EXERCISE GOAL
The data below is to be transcribed word for word; pictures are to be excluded.

Stored data entries

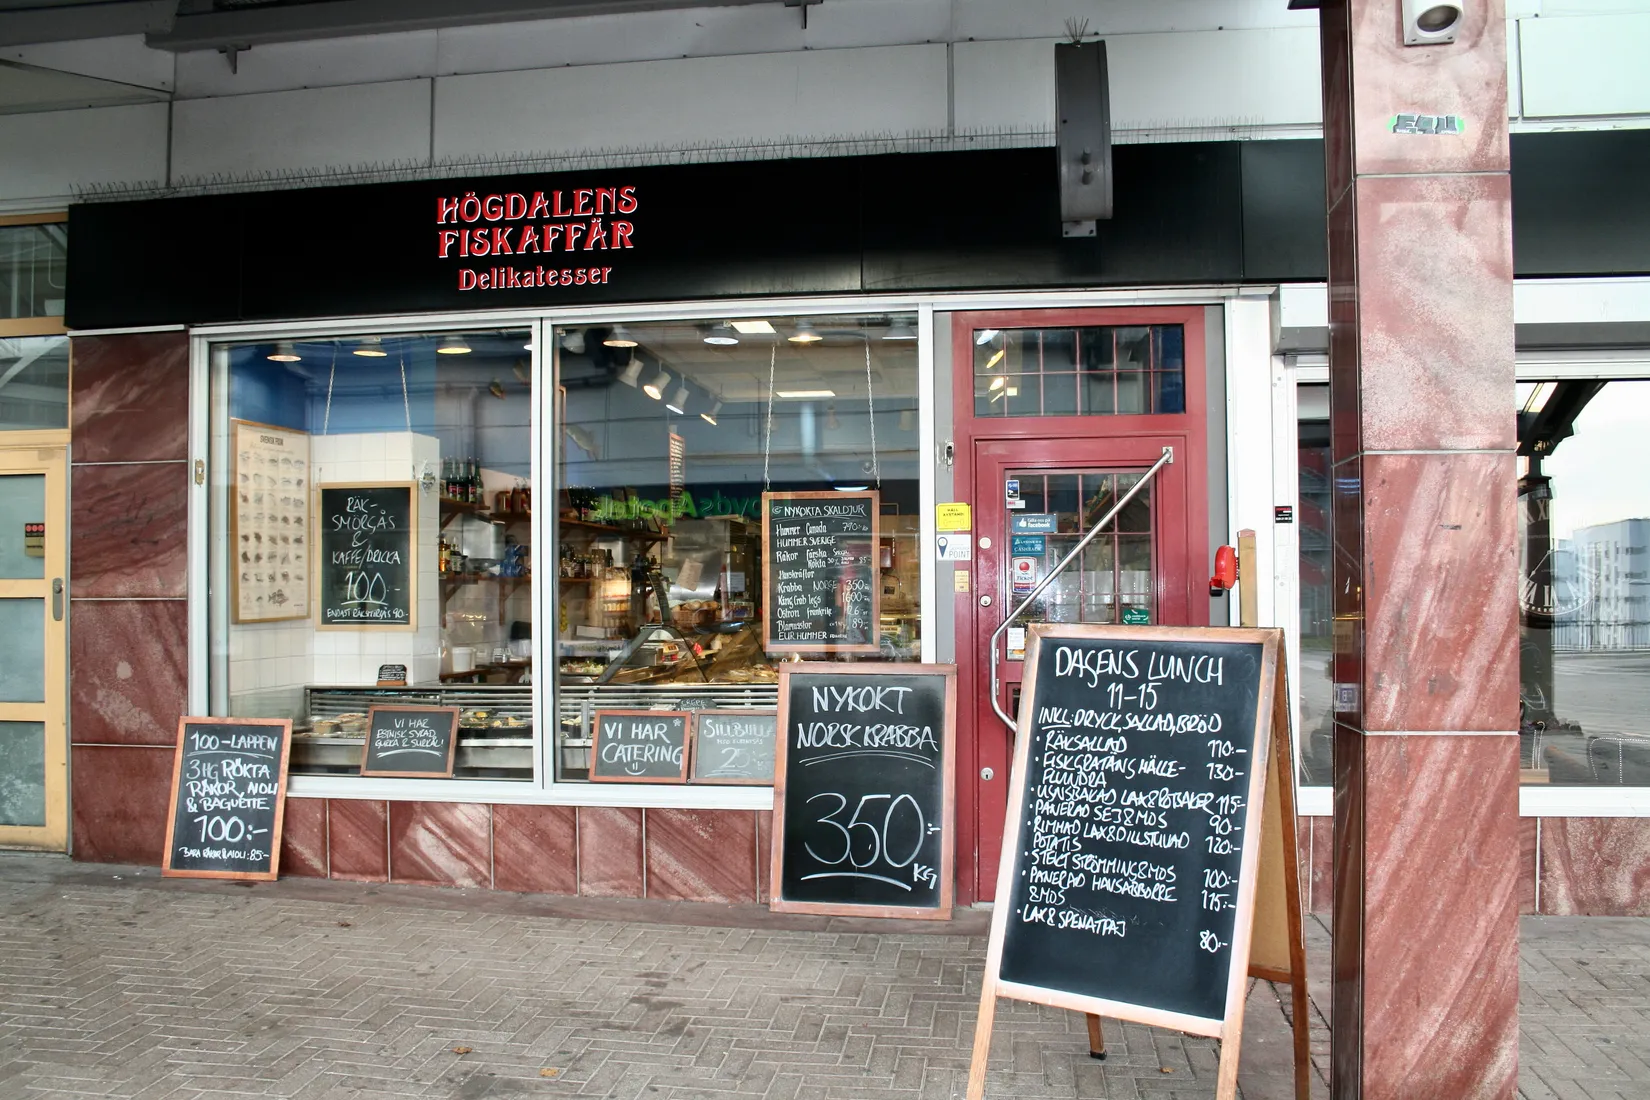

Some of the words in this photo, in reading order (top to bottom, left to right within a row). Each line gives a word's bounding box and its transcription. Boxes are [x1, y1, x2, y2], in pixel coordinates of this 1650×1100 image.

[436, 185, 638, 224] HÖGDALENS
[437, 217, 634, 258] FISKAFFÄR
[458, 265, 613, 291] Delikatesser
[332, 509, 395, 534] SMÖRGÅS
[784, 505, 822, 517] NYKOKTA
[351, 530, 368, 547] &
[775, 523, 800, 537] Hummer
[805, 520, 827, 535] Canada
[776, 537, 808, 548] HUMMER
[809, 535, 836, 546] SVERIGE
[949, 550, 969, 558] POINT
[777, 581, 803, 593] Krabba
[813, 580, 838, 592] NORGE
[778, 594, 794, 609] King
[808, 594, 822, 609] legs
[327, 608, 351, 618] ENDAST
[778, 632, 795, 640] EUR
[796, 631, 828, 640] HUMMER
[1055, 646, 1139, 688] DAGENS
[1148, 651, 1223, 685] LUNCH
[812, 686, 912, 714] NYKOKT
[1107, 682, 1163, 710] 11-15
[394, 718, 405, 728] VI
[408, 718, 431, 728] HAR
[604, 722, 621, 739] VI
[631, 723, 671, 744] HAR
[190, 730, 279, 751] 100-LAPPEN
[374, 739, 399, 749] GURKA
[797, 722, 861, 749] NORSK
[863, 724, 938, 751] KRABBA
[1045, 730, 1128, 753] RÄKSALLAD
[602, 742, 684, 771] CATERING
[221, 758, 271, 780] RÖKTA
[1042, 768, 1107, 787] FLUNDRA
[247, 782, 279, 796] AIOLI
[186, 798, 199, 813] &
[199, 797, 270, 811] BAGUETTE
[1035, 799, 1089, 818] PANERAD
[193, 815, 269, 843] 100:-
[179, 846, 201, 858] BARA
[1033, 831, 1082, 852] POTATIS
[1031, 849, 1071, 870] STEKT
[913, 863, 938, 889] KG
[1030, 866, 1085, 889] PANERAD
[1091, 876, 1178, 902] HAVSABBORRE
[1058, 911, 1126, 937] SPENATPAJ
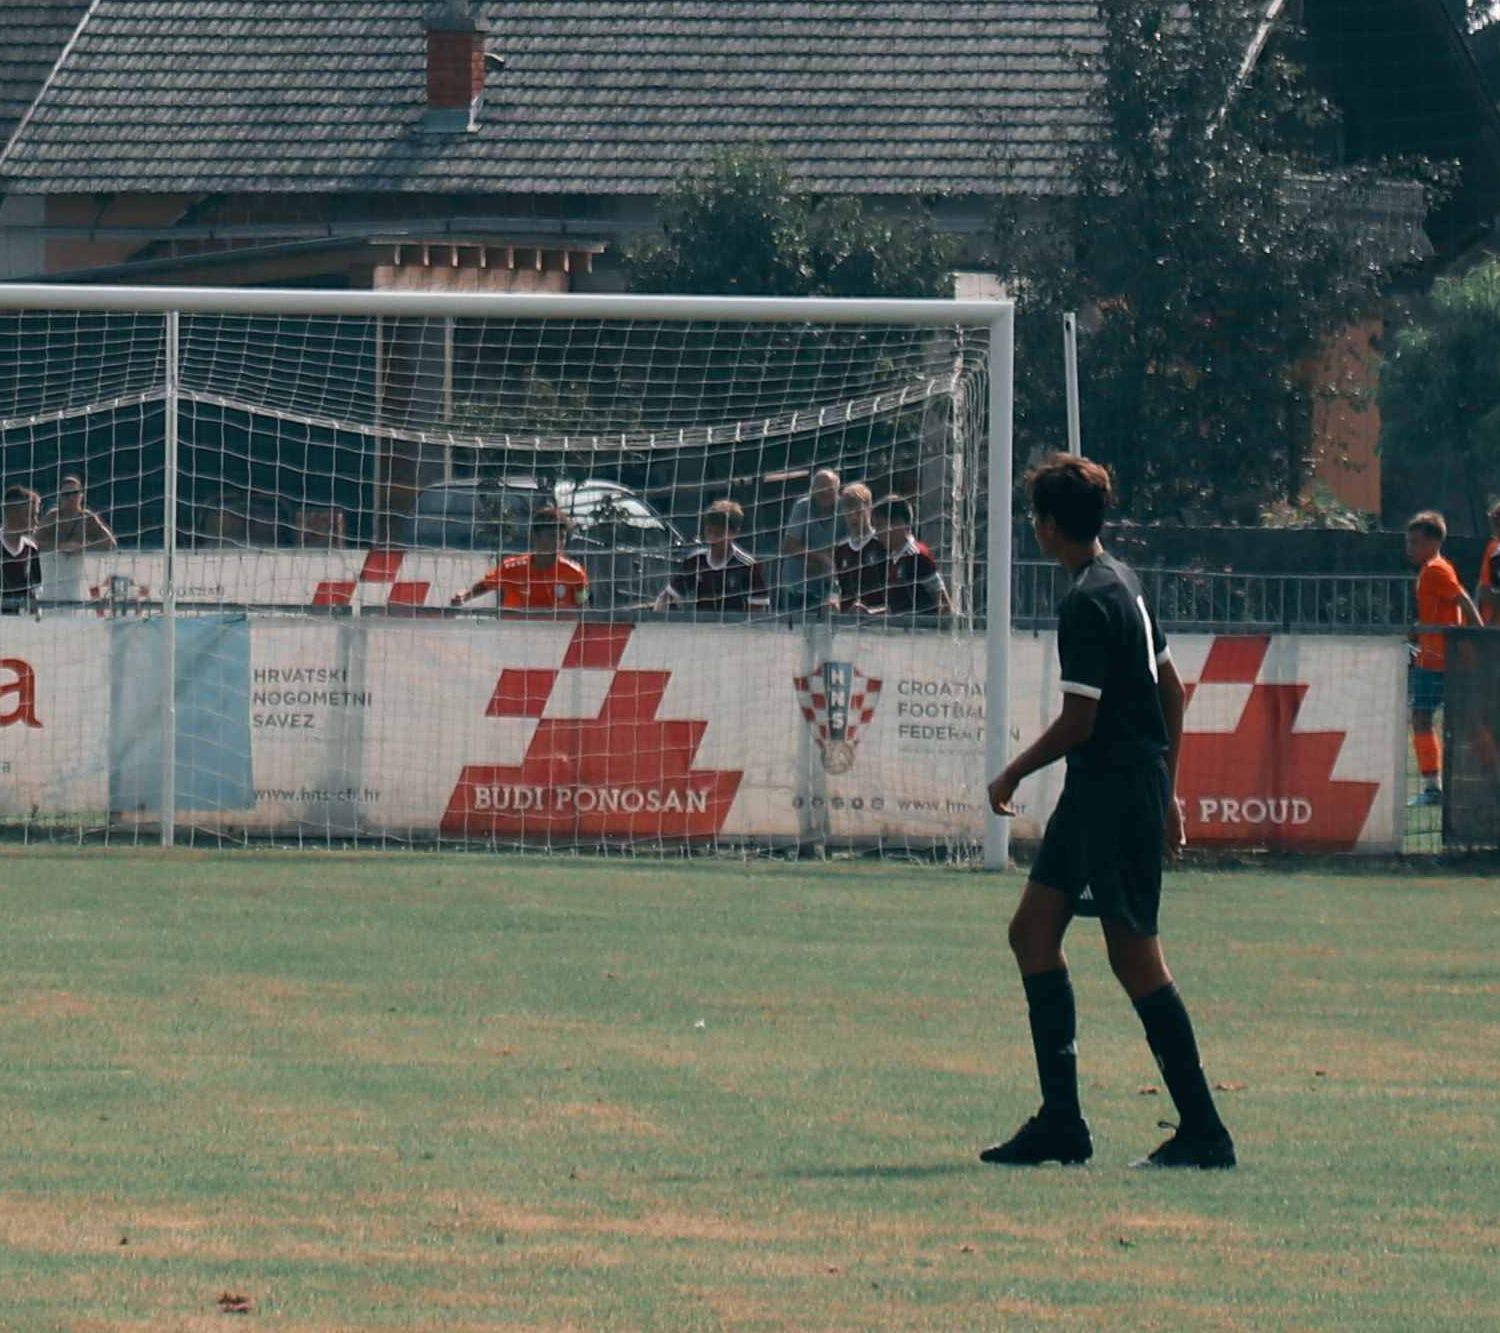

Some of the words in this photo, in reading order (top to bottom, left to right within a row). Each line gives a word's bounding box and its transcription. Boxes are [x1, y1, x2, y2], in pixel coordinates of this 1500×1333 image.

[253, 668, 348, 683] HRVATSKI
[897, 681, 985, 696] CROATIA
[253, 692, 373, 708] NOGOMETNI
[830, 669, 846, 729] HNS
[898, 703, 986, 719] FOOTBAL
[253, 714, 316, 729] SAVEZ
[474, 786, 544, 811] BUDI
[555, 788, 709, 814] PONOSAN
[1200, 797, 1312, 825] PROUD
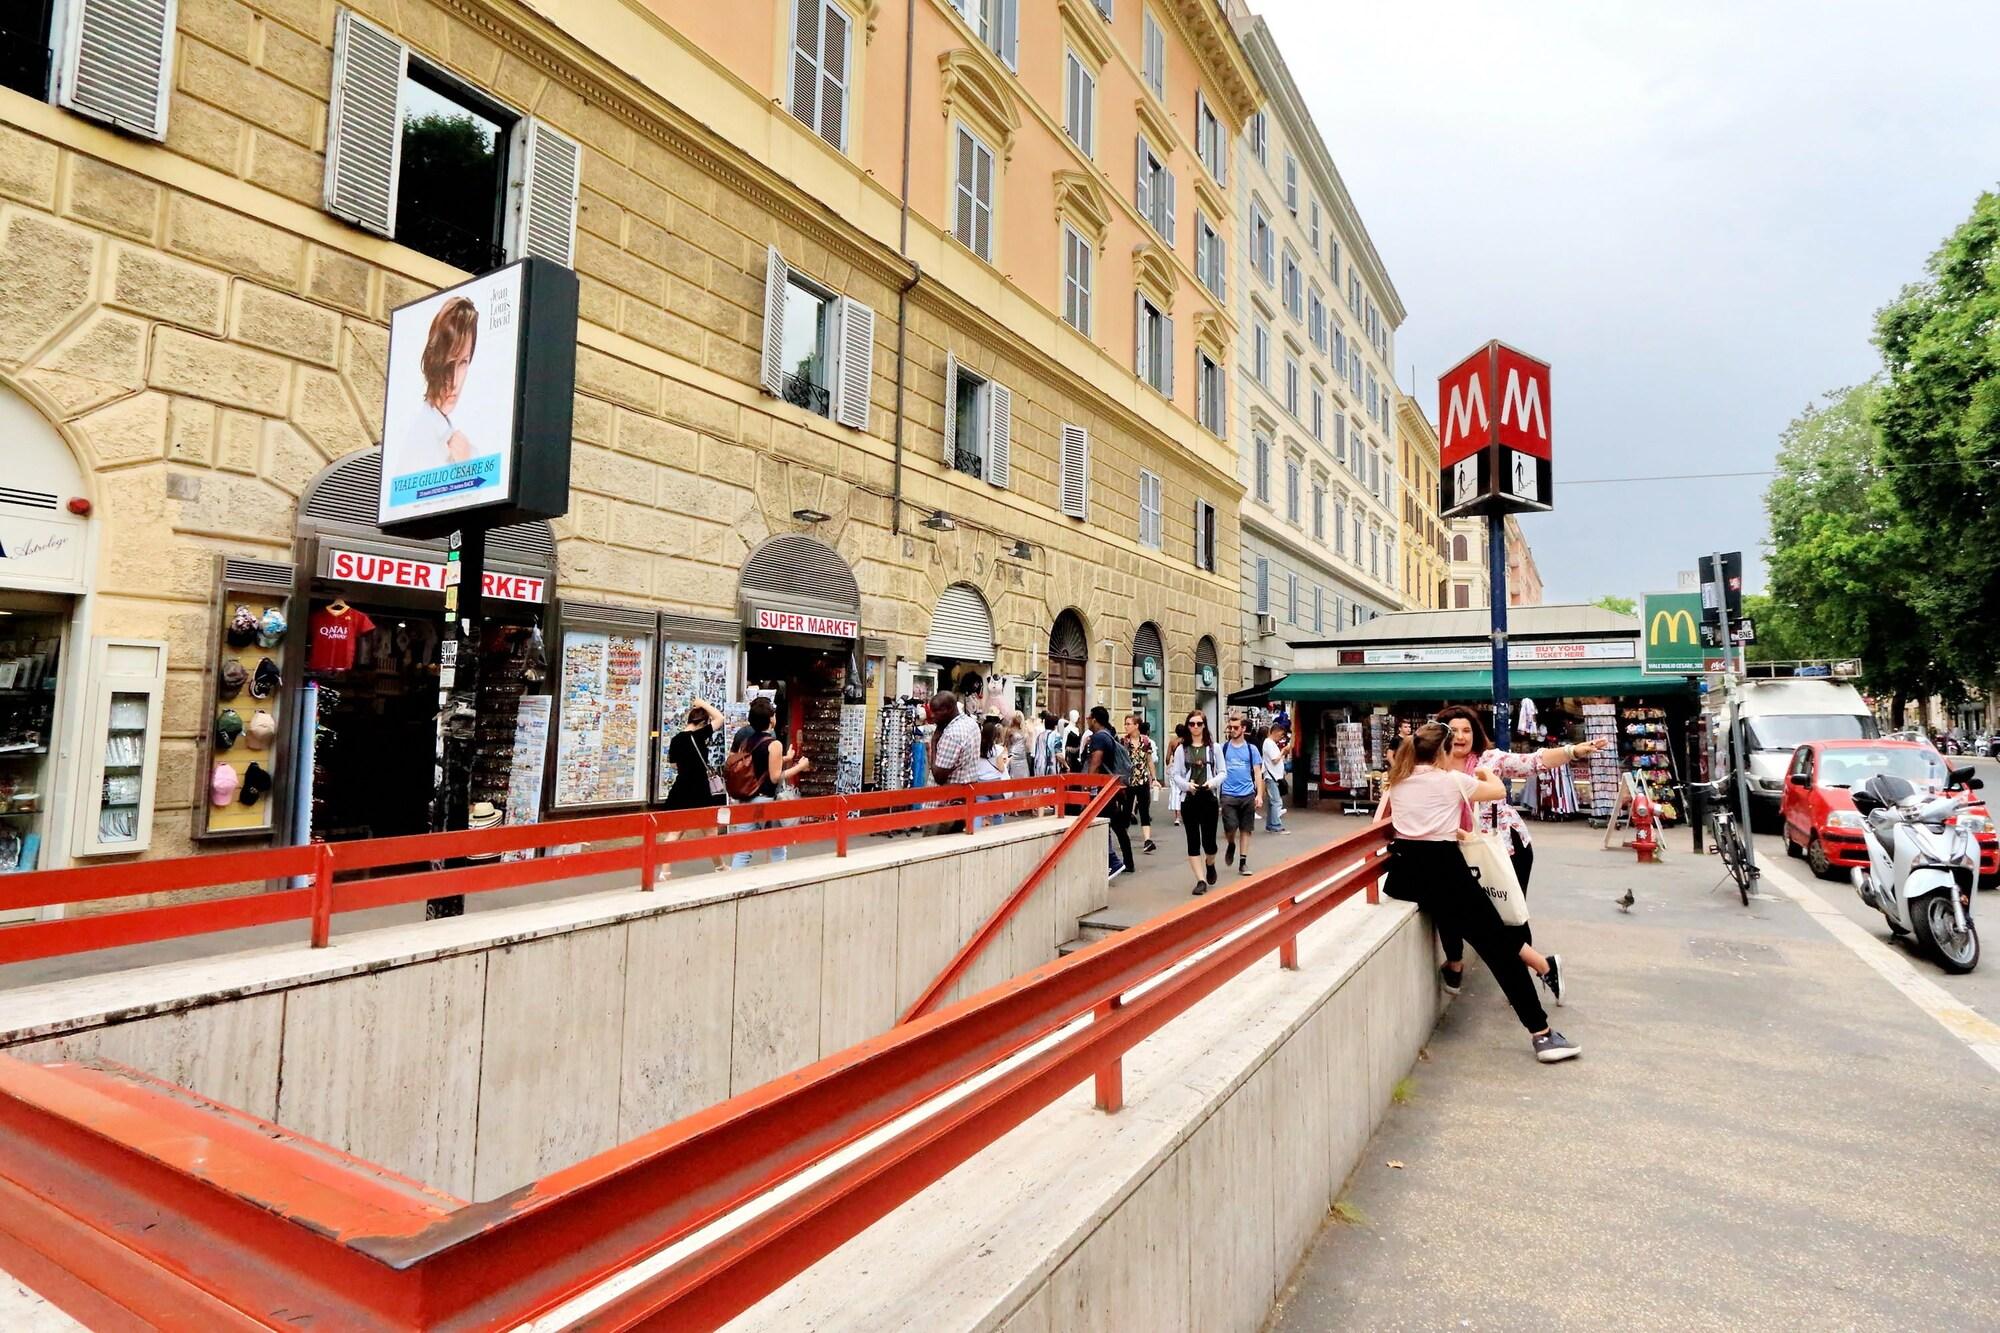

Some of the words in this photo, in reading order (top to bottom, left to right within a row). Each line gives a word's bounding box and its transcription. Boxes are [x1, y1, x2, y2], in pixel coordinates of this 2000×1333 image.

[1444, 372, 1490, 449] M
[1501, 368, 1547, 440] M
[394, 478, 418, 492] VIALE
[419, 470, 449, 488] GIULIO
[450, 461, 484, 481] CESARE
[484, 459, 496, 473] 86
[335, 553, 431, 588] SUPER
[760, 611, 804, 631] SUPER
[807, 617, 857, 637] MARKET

EXERCISE SOLUTION
Some of the words in this photo, in reading order (top to bottom, left to right within a row). Each line gives a word's bounding box and its transcription. Boxes are [x1, y1, x2, y2], in pixel coordinates of this 1650×1100 image.

[436, 185, 638, 224] HÖGDALENS
[437, 217, 634, 258] FISKAFFÄR
[458, 265, 613, 291] Delikatesser
[332, 509, 395, 534] SMÖRGÅS
[784, 505, 822, 517] NYKOKTA
[351, 530, 368, 547] &
[775, 523, 800, 537] Hummer
[805, 520, 827, 535] Canada
[776, 537, 808, 548] HUMMER
[809, 535, 836, 546] SVERIGE
[949, 550, 969, 558] POINT
[777, 581, 803, 593] Krabba
[813, 580, 838, 592] NORGE
[778, 594, 794, 609] King
[808, 594, 822, 609] legs
[327, 608, 351, 618] ENDAST
[778, 632, 795, 640] EUR
[796, 631, 828, 640] HUMMER
[1055, 646, 1139, 688] DAGENS
[1148, 651, 1223, 685] LUNCH
[812, 686, 912, 714] NYKOKT
[1107, 682, 1163, 710] 11-15
[394, 718, 405, 728] VI
[408, 718, 431, 728] HAR
[604, 722, 621, 739] VI
[631, 723, 671, 744] HAR
[190, 730, 279, 751] 100-LAPPEN
[374, 739, 399, 749] GURKA
[797, 722, 861, 749] NORSK
[863, 724, 938, 751] KRABBA
[1045, 730, 1128, 753] RÄKSALLAD
[602, 742, 684, 771] CATERING
[221, 758, 271, 780] RÖKTA
[1042, 768, 1107, 787] FLUNDRA
[247, 782, 279, 796] AIOLI
[186, 798, 199, 813] &
[199, 797, 270, 811] BAGUETTE
[1035, 799, 1089, 818] PANERAD
[193, 815, 269, 843] 100:-
[179, 846, 201, 858] BARA
[1033, 831, 1082, 852] POTATIS
[1031, 849, 1071, 870] STEKT
[913, 863, 938, 889] KG
[1030, 866, 1085, 889] PANERAD
[1091, 876, 1178, 902] HAVSABBORRE
[1058, 911, 1126, 937] SPENATPAJ

Some of the words in this photo, in reading order (top to bottom, left to right within a row). Each line gives a word's bounding box and its transcription. Boxes are [x1, y1, x2, y2], in pixel coordinates of this 1500×1333 image.

[253, 668, 348, 683] HRVATSKI
[897, 681, 985, 696] CROATIA
[253, 692, 373, 708] NOGOMETNI
[830, 669, 846, 729] HNS
[898, 703, 986, 719] FOOTBAL
[253, 714, 316, 729] SAVEZ
[474, 786, 544, 811] BUDI
[555, 788, 709, 814] PONOSAN
[1200, 797, 1312, 825] PROUD

Some of the words in this photo, in reading order (top to bottom, left to right within a row). Each line gives a word's bounding box and its transcription. Boxes are [x1, y1, x2, y2], in pixel coordinates of this 2000×1333 image.

[1444, 372, 1490, 449] M
[1501, 368, 1547, 440] M
[394, 478, 418, 492] VIALE
[419, 470, 449, 488] GIULIO
[450, 461, 484, 481] CESARE
[484, 459, 496, 473] 86
[335, 553, 431, 588] SUPER
[760, 611, 804, 631] SUPER
[807, 617, 857, 637] MARKET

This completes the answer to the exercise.